Last night, 60 Minutes ran a piece about heroin in Ohio. I’m very happy that these Ohioans, who I know and like and respect, are getting this megaphone. Their story needed telling.
But I have to stand my ground….
Over lunch, a 60 Minutes producer even asked me what story I would do in Ohio. I gave her some ideas.
60 Minutes did go to Ohio. Made it look as if they had figured out who to talk to, and what questions to ask, all on their own. No mention of what led them there and what explained the whole story to them. When I asked them whether they were going to refer to my book, one producer said they wanted to focus on “local” folks. They could have done a local story about the heroin problem in Alabama, or anywhere else in America, but then they wouldn’t have had a book telling them specifically where to look, whom to talk to, and what the story was.
Parents and others in Ohio and elsewhere are understandably thrilled that major media like 60 Minutes are finally taking an interest in this topic. I’m glad for them and very happy that the issue is now getting attention. Wayne, Brenda, Tracy, Jenna, Rob and others spoke with eloquence and force, and in my opinion saved the piece.
I hope they won’t see this as raining on their long-overdue parade … but I have to say something to defend myself, my family’s sacrifice, and my work. If I don’t, who will?
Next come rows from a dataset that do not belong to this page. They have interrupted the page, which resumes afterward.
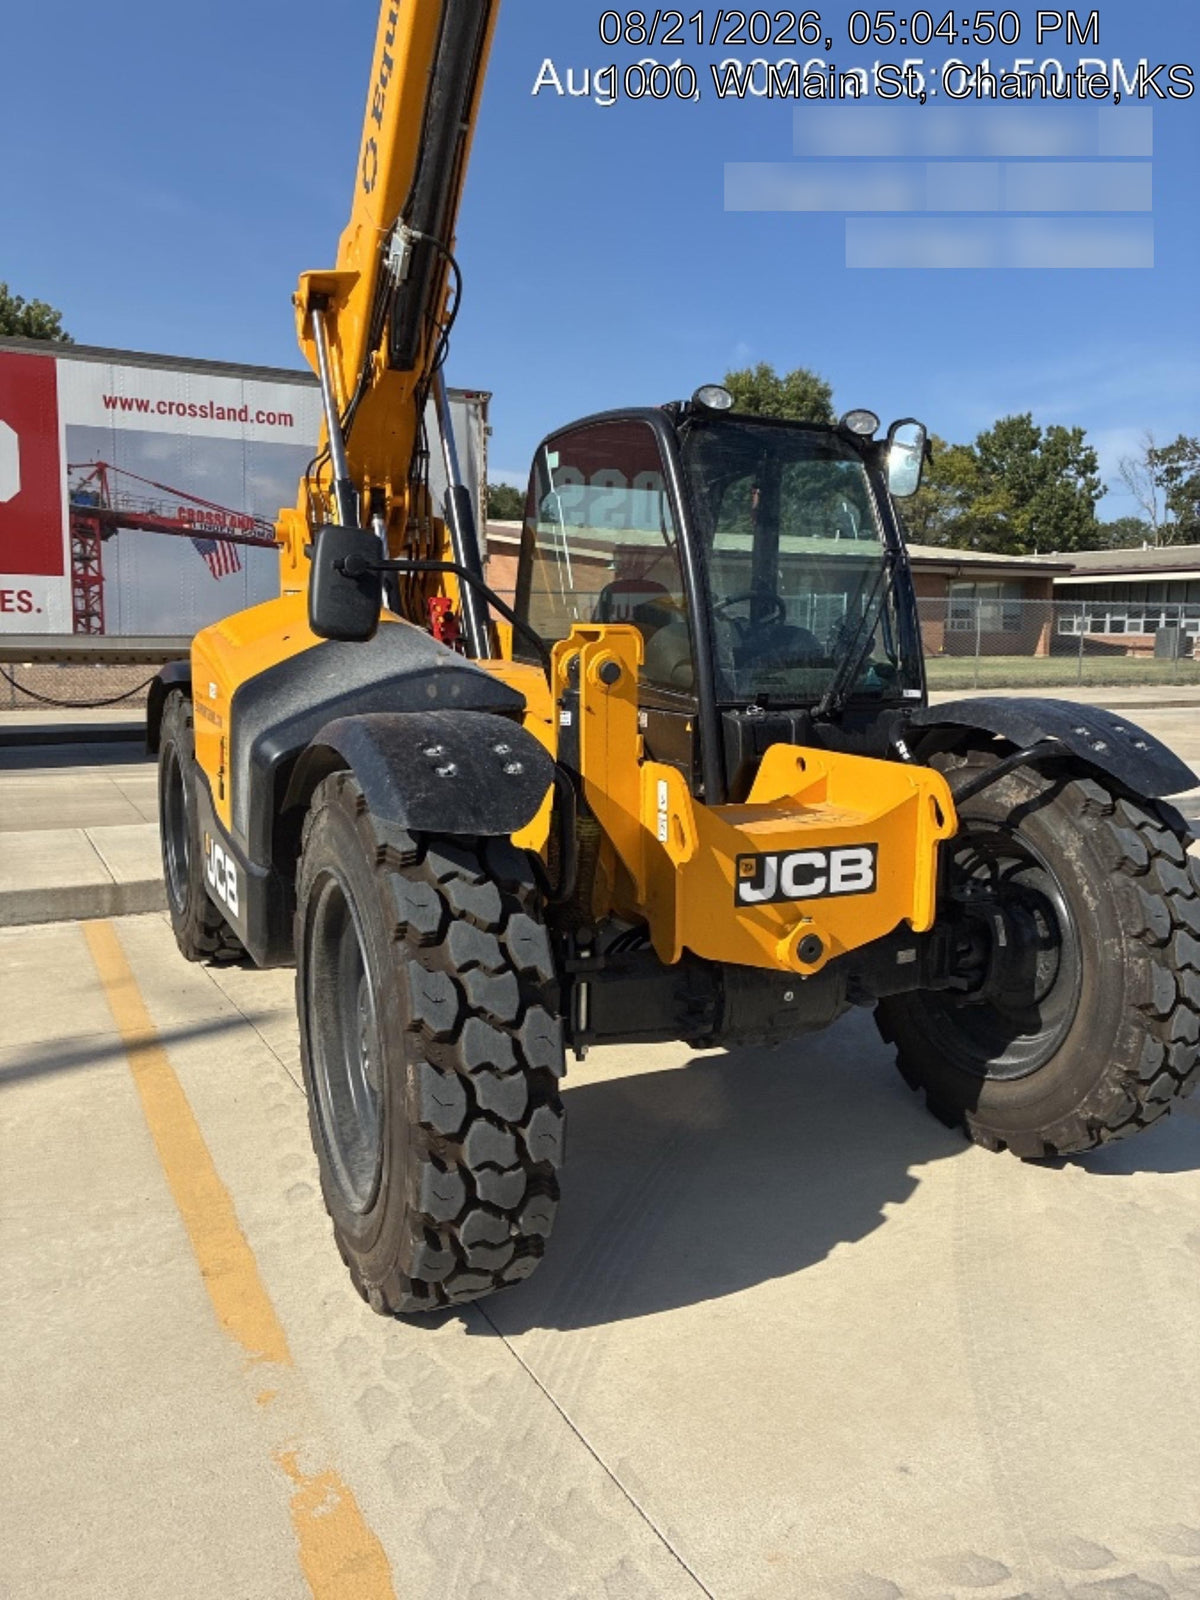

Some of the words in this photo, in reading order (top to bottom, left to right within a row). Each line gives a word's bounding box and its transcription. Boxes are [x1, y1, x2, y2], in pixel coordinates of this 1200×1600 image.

[103, 395, 294, 427] www.crossland.com
[207, 839, 239, 918] JCB
[739, 848, 874, 902] JCB
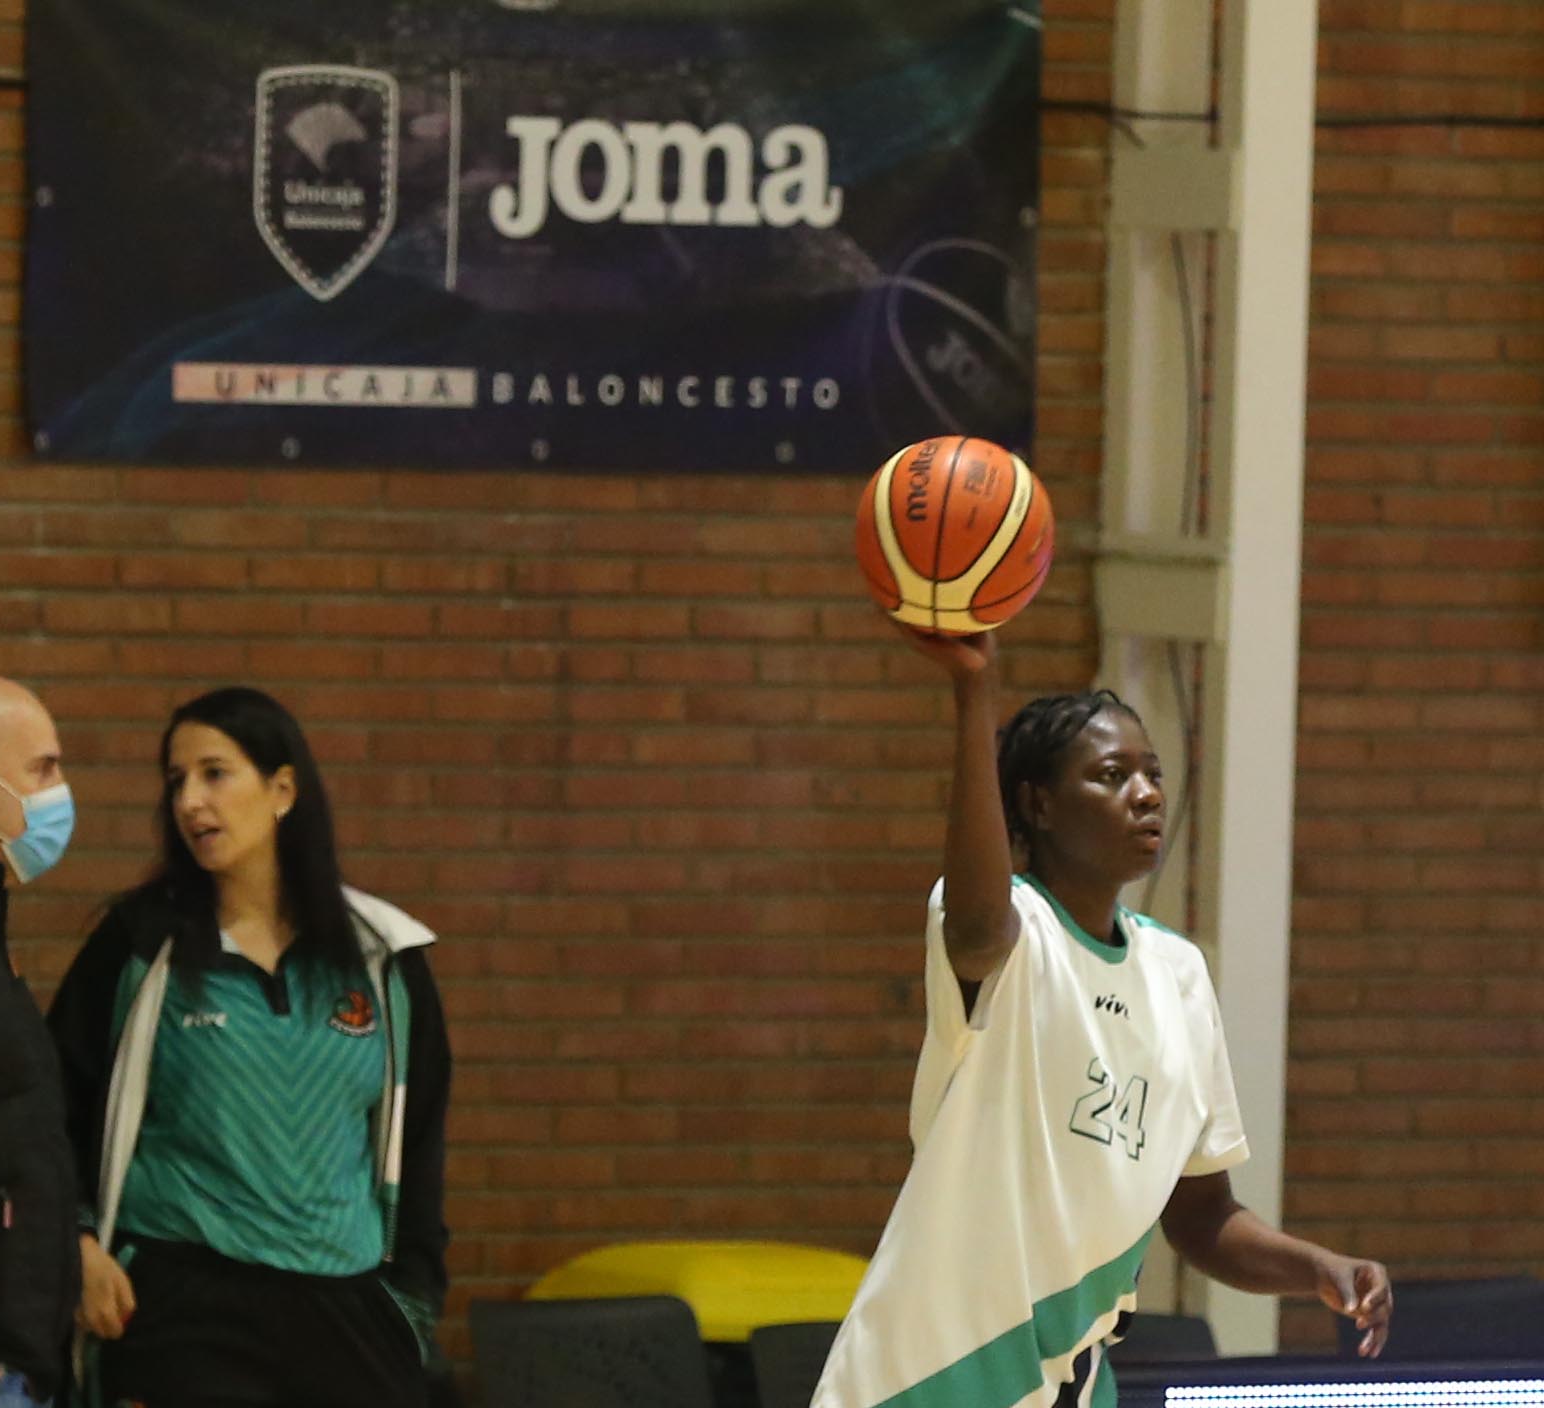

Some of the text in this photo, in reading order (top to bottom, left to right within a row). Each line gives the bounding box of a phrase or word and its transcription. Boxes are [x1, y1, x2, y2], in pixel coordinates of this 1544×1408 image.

[213, 369, 841, 410] UNICAJA BALONCESTO
[1069, 1056, 1149, 1162] 24
I spent years working on this story, interviewing hundreds of people, poring over documents, taking collect phone calls from Mexican traffickers in prisons. Before doing it, I lived and wrote for 10 years in Mexico, which made me distinctly prepared to see a part of this story that 60 Minutes producers, judging from our phone calls, knew only because of me.
Quinones was a reporter for the Los Angeles Times when he began the research for his book. He took a leave of absence and says he later resigned to complete the work.